[Start of section]

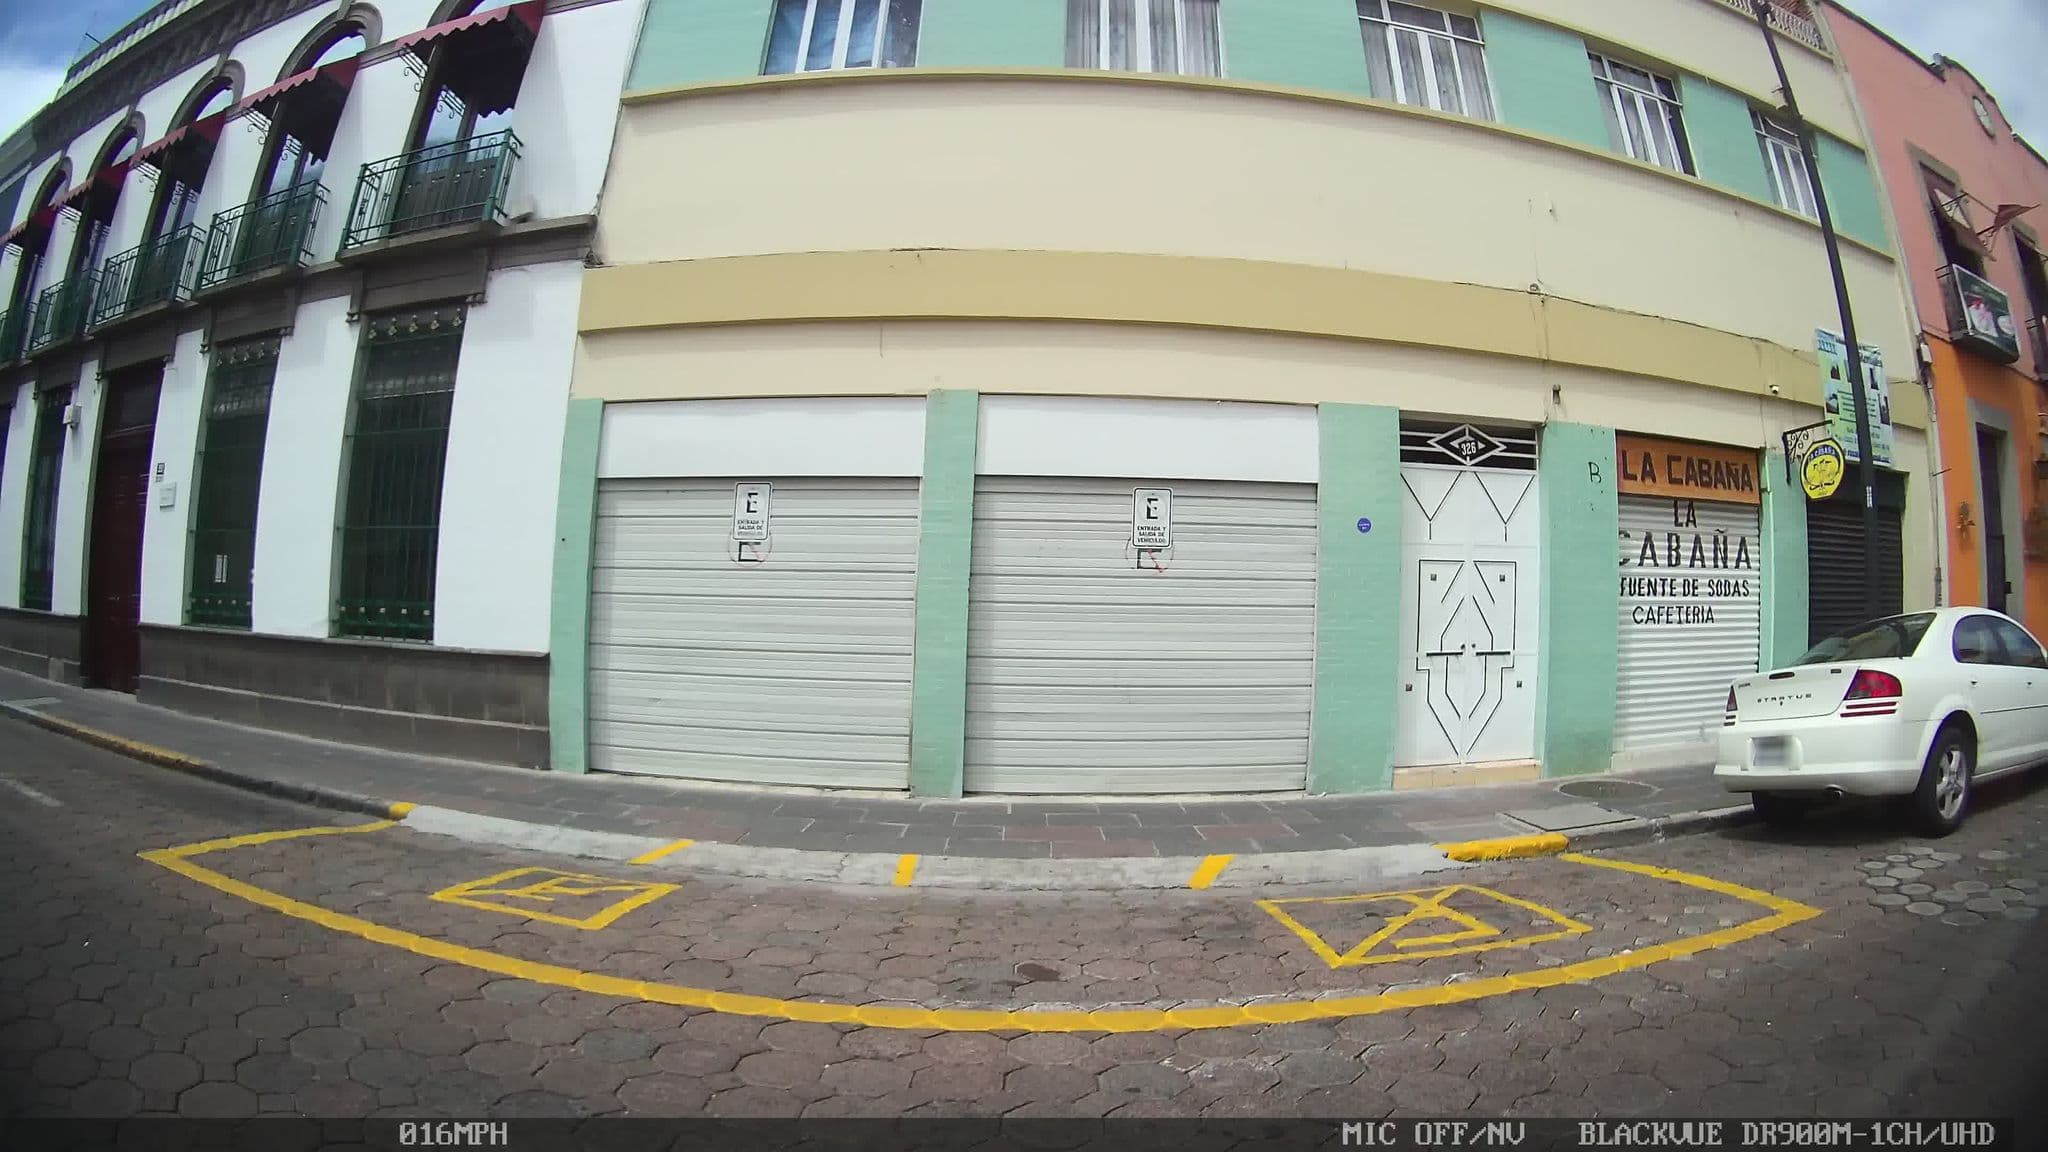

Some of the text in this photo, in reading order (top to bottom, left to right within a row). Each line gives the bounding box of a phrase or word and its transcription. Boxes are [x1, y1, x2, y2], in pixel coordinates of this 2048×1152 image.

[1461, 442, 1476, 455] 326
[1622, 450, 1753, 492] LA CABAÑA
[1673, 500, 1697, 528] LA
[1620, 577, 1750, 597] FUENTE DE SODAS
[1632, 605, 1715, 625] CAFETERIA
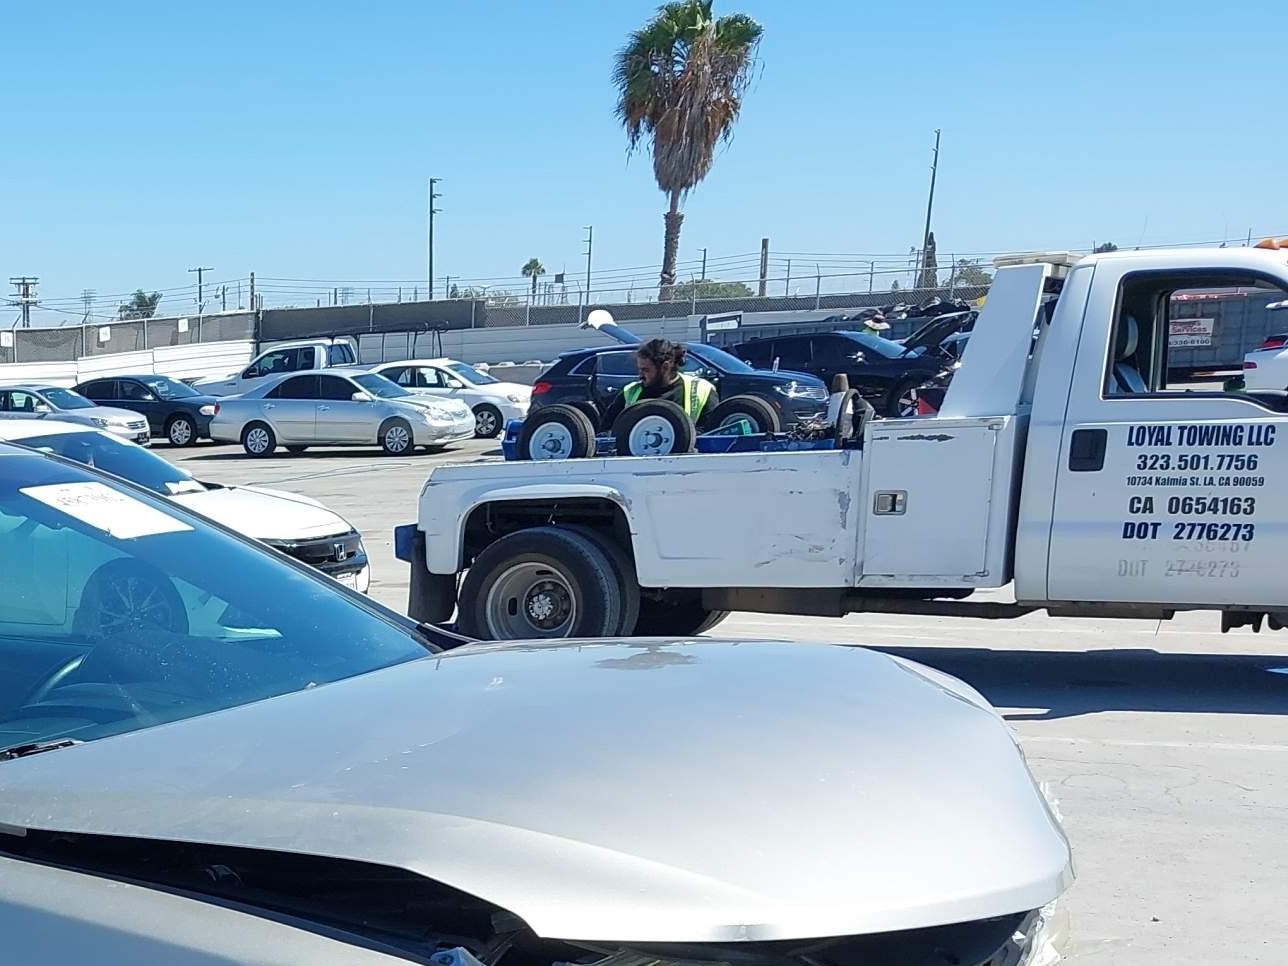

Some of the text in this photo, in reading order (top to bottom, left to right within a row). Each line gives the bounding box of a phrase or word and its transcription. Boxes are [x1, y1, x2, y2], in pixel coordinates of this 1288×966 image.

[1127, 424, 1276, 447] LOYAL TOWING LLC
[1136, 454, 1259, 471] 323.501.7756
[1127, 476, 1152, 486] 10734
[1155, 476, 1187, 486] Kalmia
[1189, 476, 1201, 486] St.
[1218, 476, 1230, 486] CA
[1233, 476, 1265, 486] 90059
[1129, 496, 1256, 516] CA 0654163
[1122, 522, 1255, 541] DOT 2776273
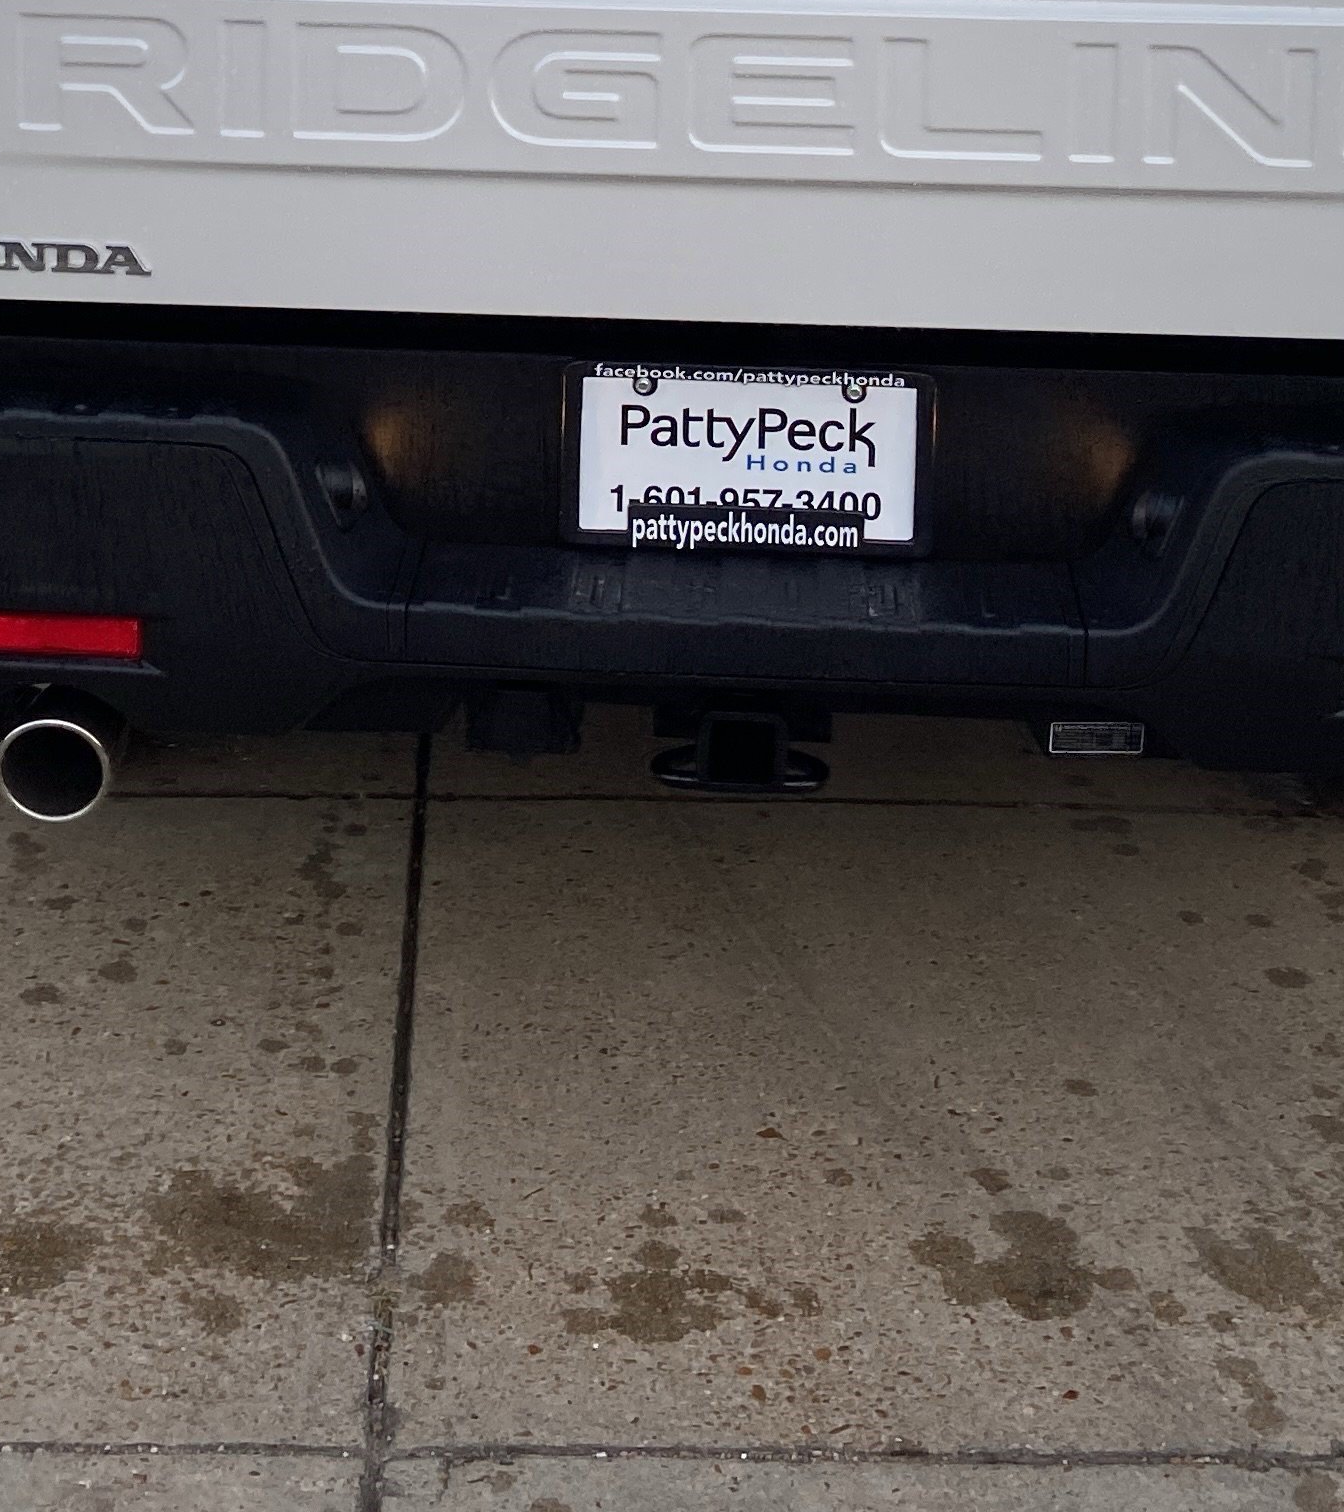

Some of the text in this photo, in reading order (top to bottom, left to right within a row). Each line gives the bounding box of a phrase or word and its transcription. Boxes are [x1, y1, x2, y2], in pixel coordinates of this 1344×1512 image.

[End of section]

## AIM OF THE TASK:
A verbatim copy of the listing, with all pictures removed, is required.

## OUTPUT BELOW:
Some of the text in this photo, in reading order (top to bottom, left to right within a row). Each line gives the bounding box of a phrase or word and its transcription. Boxes are [x1, y1, x2, y2], in pixel coordinates of this 2048×1152 image.

[1461, 442, 1476, 455] 326
[1622, 450, 1753, 492] LA CABAÑA
[1673, 500, 1697, 528] LA
[1620, 577, 1750, 597] FUENTE DE SODAS
[1632, 605, 1715, 625] CAFETERIA

Some of the text in this photo, in reading order (top to bottom, left to right within a row). Each line gives the bounding box of a phrase or word and its transcription. Boxes are [x1, y1, x2, y2], in pixel coordinates of this 1288×966 image.

[1127, 424, 1276, 447] LOYAL TOWING LLC
[1136, 454, 1259, 471] 323.501.7756
[1127, 476, 1152, 486] 10734
[1155, 476, 1187, 486] Kalmia
[1189, 476, 1201, 486] St.
[1218, 476, 1230, 486] CA
[1233, 476, 1265, 486] 90059
[1129, 496, 1256, 516] CA 0654163
[1122, 522, 1255, 541] DOT 2776273

Some of the text in this photo, in reading order (top to bottom, left to right within a row). Each line gives the bounding box of a phrase or word and its transcription. Boxes are [x1, y1, x2, y2], in pixel coordinates of this 1344×1512 image.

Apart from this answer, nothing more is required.